▶ Work instructions
Could you restate the data word for word and drop the pictures?
------ Provided information
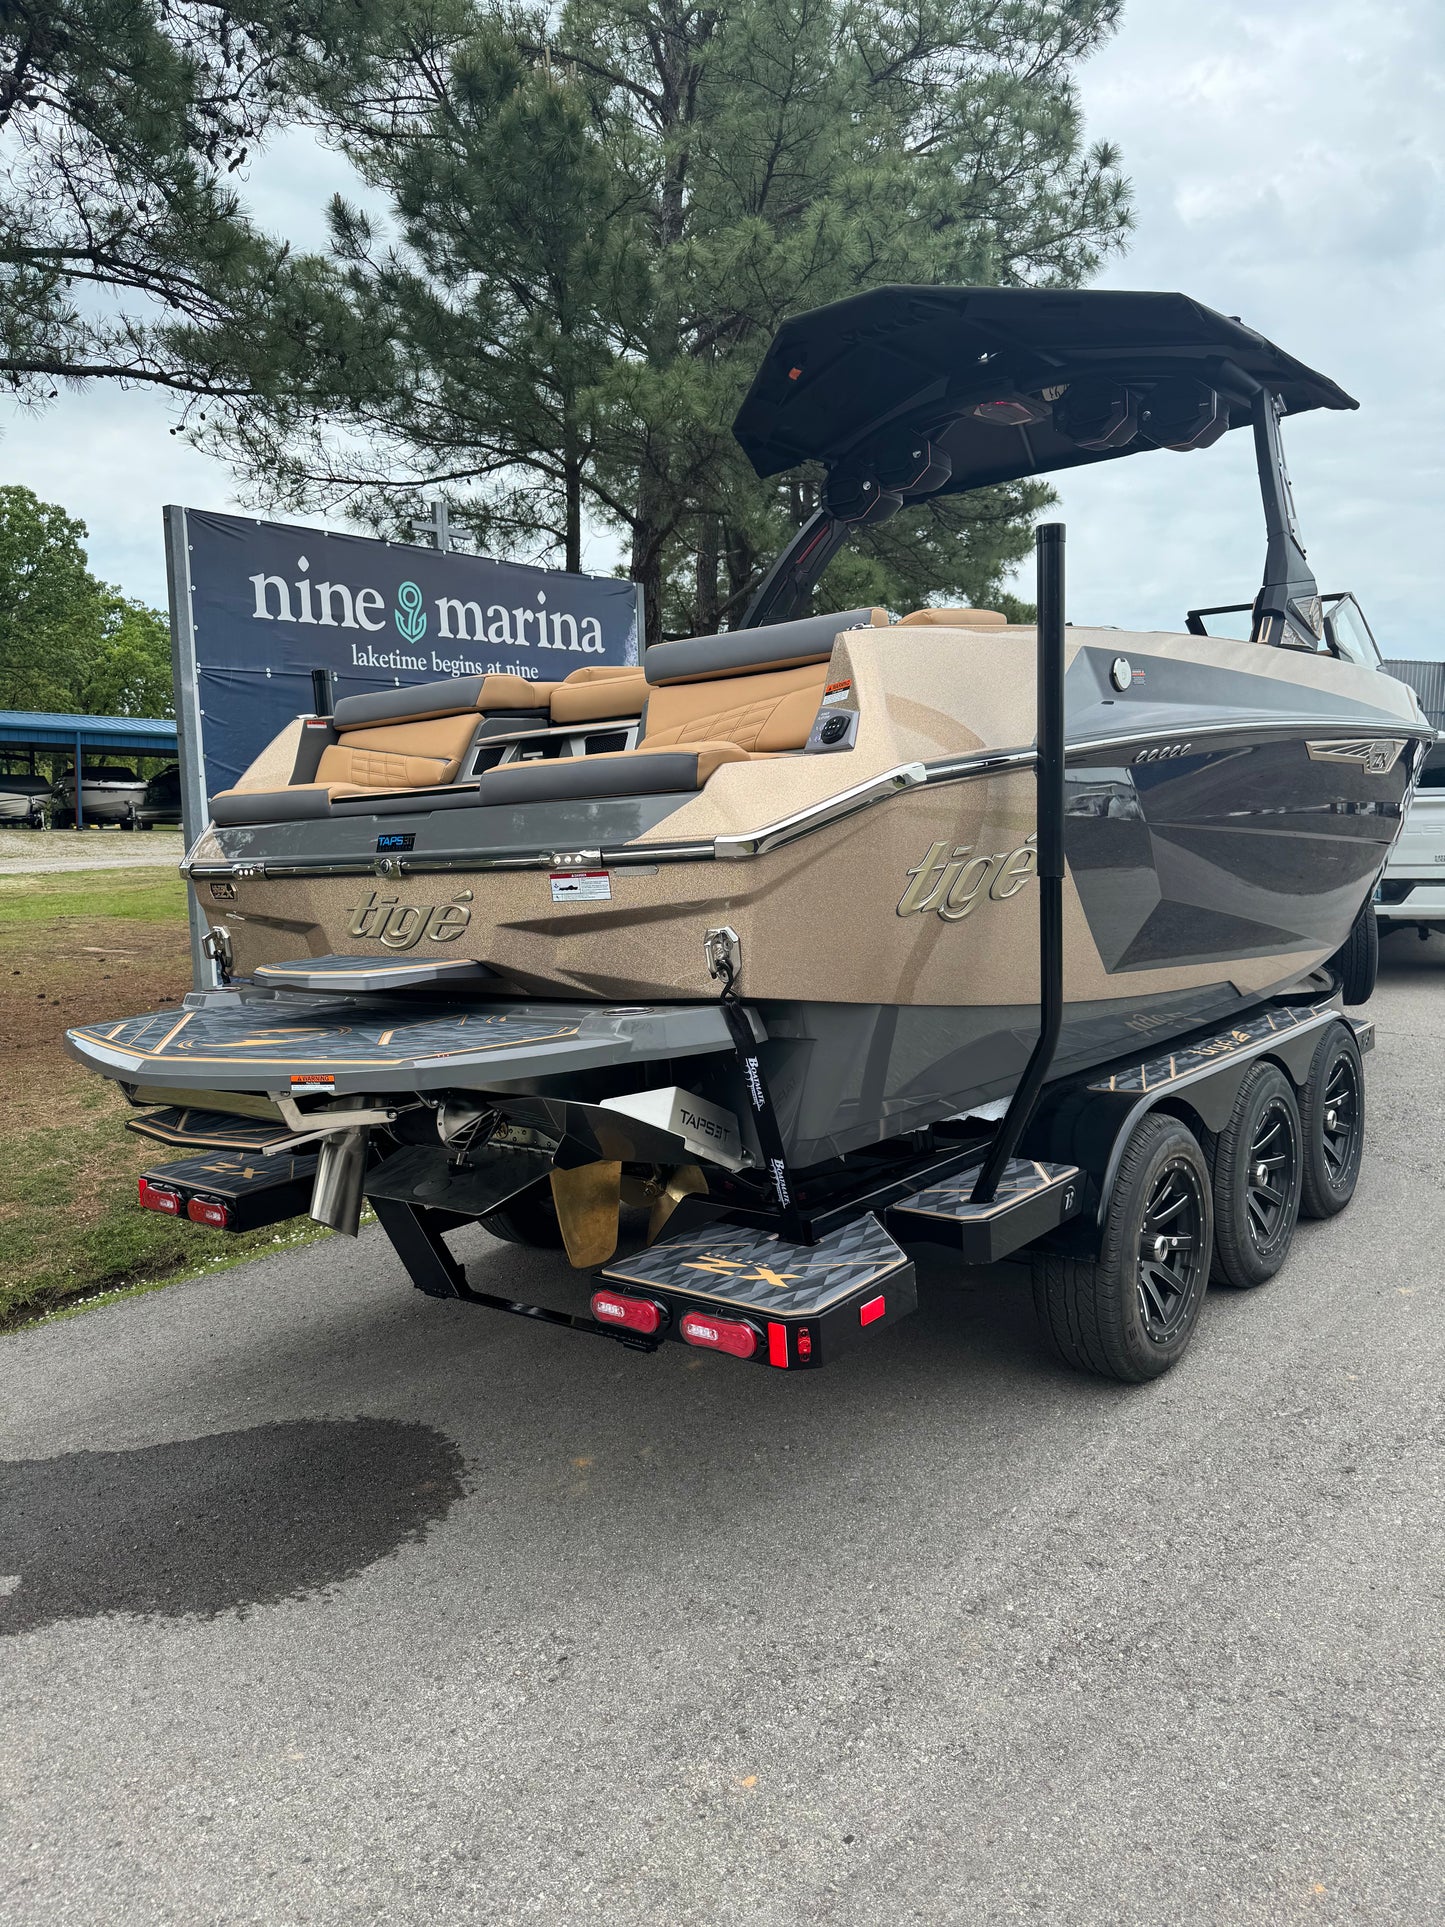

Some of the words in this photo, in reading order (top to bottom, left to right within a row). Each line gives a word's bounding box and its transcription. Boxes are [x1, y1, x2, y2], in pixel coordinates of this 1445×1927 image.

[248, 555, 387, 632] nine
[434, 590, 606, 654] marina
[351, 643, 428, 671] laketime
[431, 651, 483, 677] begins
[487, 661, 502, 674] at
[505, 660, 539, 679] nine
[896, 830, 1038, 923] tigé
[345, 888, 474, 952] tigé
[680, 1108, 731, 1141] TAPS3T
------------
▶ Exercise response
Some of the words in this photo, in reading order (top to bottom, left to right within a row). Each line gives a word's bounding box and its transcription. Boxes are [x1, y1, x2, y2], in pixel coordinates of this 1445×1927 image.

[248, 555, 387, 632] nine
[434, 590, 606, 654] marina
[351, 643, 428, 671] laketime
[431, 651, 483, 677] begins
[487, 661, 502, 674] at
[505, 660, 539, 679] nine
[896, 830, 1038, 923] tigé
[345, 888, 474, 952] tigé
[680, 1108, 731, 1141] TAPS3T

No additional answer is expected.